Biden isn't afraid of Palin
CAMPAIGN '08 | Ready to pin her down in debate
Democratic vice-presidential nominee Joe Biden assured a crowd of donors in Lincoln Park Tuesday night that he would handle himself just fine in his debate with Alaska Gov. Sarah Palin.
Democratic Michigan Gov. Jennifer Granholm has even agreed to spend several days with him as Palin's stand-in for him to practice, he said. But he said "we'll see" whether he takes her up on her offer.
He's not aiming to take any cheap shots, he said.
"Folks, look, I know what she's going to try to do: she's going to try to make it as personal as she can. She's going to take a lot of straight lefts and jabs at me. She's going to try to get me to respond. She's going to try to get me to respond in a personal way," Biden said. "That's not my style. I'm not going to do it."
Biden told the heavy-hitter donors in backyards of Barbara Goodman Manilow and Steve Koch that he doesn't care about the passing controversies like whether Palin sold her predecessor's plane or not or whether or when she supported or opposed the "Bridge to Nowhere" in Alaska.
"What I care about is: What in God's name is she going to do -- along with John McCain -- about the thousands of people who don't have health care?" Biden asked.

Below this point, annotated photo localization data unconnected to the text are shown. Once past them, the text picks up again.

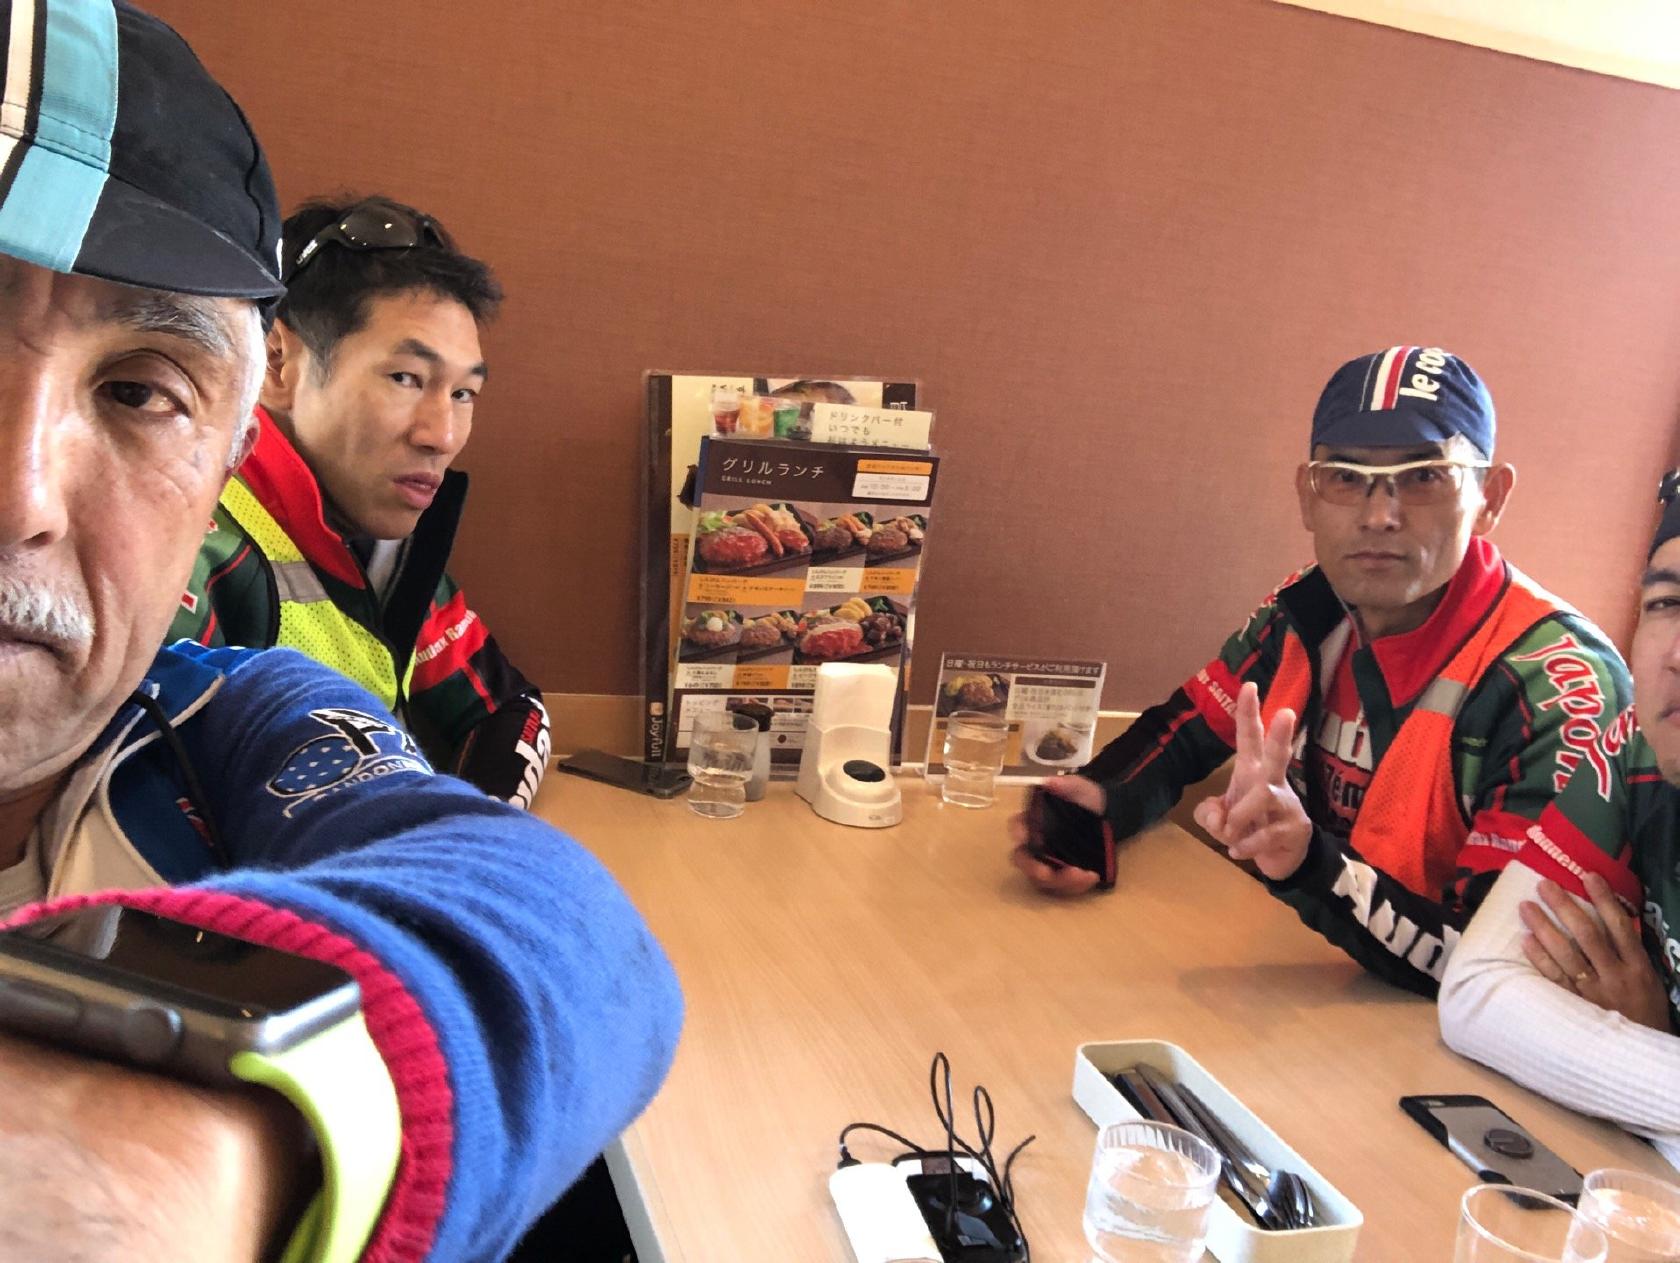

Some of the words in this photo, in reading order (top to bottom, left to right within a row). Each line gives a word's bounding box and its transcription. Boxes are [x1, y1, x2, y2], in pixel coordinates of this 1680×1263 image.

[1399, 373, 1440, 402] le
[722, 457, 825, 479] グリルランチ
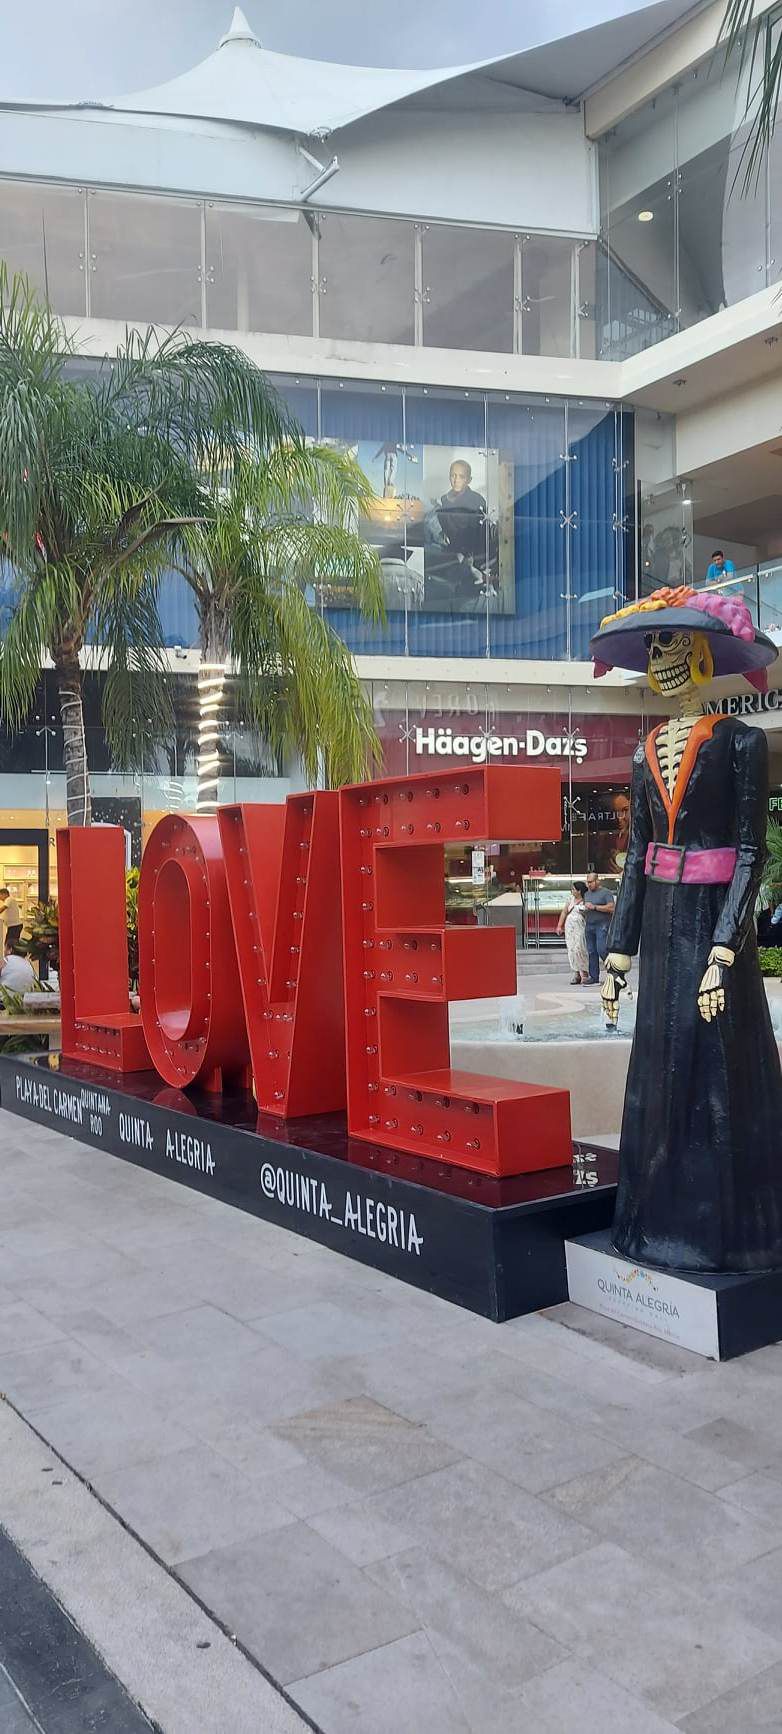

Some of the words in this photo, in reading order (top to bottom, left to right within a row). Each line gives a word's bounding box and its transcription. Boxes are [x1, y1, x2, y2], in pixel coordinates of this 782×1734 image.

[701, 689, 782, 716] MERIC
[415, 727, 588, 764] Häagen-Dazs
[56, 765, 571, 1177] LOVE
[15, 1076, 39, 1106] PLAYA
[39, 1084, 52, 1113] DEL
[53, 1090, 83, 1125] CARMEN
[81, 1088, 111, 1117] QUINTANA
[90, 1114, 103, 1137] ROO
[119, 1112, 154, 1151] QUINTA
[166, 1128, 216, 1176] ALEGRIA
[260, 1163, 424, 1256] @QUINTA_ALEGRIA
[597, 1278, 633, 1303] QUINTA

He'll ask her about "The superhighway of terror between Pakistan and Afghanistan where my helicopter was forced down...John McCain wants to know where Bin Ladin and the gates of Hell are? I can tell him where. That's where Al Quaida is. That's where Bin Ladin is. It's not in the country of Iraq."

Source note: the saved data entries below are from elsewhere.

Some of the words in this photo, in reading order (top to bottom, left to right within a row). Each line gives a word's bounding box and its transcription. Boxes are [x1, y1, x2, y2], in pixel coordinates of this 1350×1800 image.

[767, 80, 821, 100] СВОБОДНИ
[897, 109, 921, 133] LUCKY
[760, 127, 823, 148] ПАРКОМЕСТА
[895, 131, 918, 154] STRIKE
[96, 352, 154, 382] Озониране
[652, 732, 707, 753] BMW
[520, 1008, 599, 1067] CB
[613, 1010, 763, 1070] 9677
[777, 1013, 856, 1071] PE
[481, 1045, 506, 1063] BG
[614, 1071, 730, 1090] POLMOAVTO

Four of the six questions Biden fielded Tuesday night were from donors worried about Palin's popularity which has boosted the Republican ticket's poll numbers over the Democrats. Biden urged the donors to "have patience" and Palin's balloon would return to Earth once he or the press forced her to talk about who she would appoint to the Supreme Court or her views on global warming. He told them not to worry about a poll that showed white women defecting from Barack Obama to John McCain because of Palin.
"The press is exaggerating how white women are all of a sudden for Sarah Palin," Biden said. "We still have more women voting for Barack Obama than for John McCain...Part of the problem is in white suburbia, as well as...among ethnic groups, among, particularly Jews and Catholics, there is a lack of ease about Barack. They don't know him. One of my major jobs is to go out and talk about what I know -- they know me -- talk about who I am, why I support Barack."

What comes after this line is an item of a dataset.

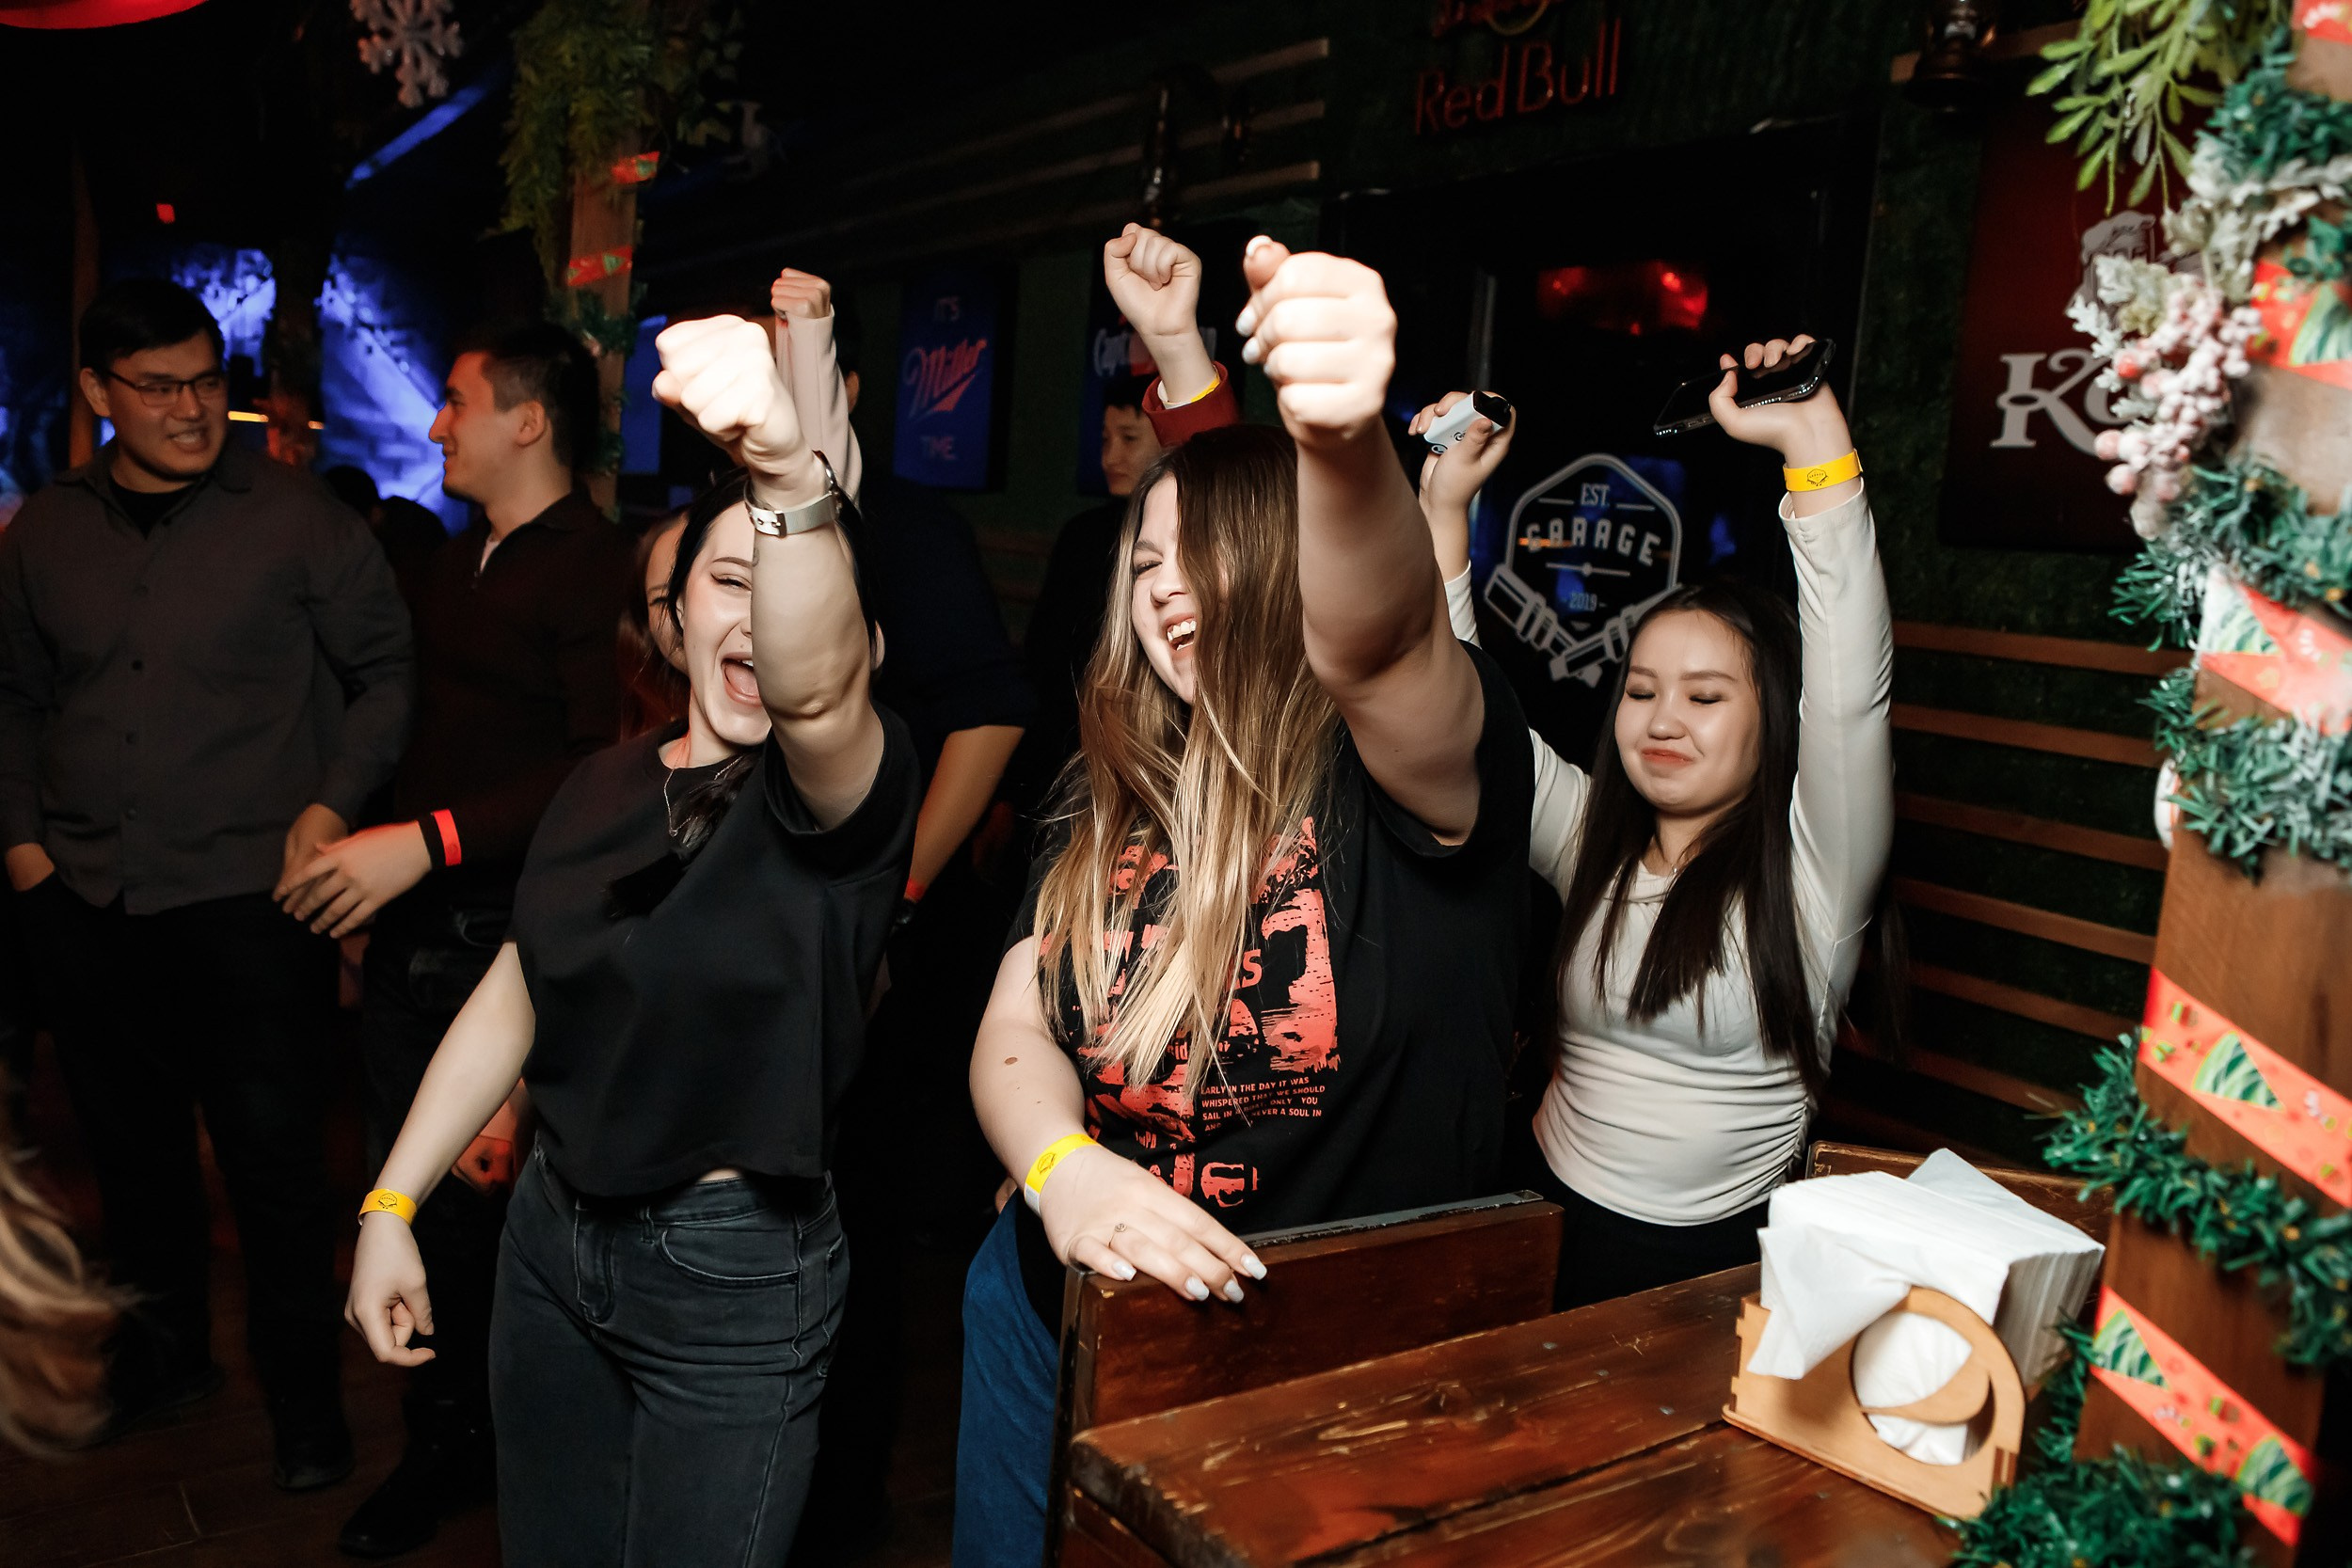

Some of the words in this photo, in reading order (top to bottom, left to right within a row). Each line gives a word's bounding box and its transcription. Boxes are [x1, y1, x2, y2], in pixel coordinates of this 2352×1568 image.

Part of Biden's job Tuesday night was to make nice to the campaign's most generous donors, who they now have to convince to give just as much for the general election as they did for the primary.
"We're like poor relatives," Biden conceded. "We keep showing up."
Introducing Biden, John Levi thanked Biden for confirming his father, Edward Levi as former President Gerald Ford's Attorney General early in Biden's long senate career. Then, Levi added, speaking to the donors: "For the past 20 months, many of you have been digging in your wallets far deeper than you expected ... and now you're going to do it again, we need your help now more than ever."
Manilow said she saw the candidates‚ choice of vice-presidents as metaphors for their style.
"One took his time, picked someone he knew, whose ideology he respected...someone who is a great statesman," Manilow said. "The other chose someone he had met once for political gain."
Biden defended Palin against commentators who made an issue of her daughter's pregnancy and who argued that she should stay home with her children instead of running for vice-president.
"All it did was generate overwhelming sympathy (for Palin) and quite frankly it offended me," that anyone even raised the issues, he said. "Tell that to my wife. Tell that to a modern woman."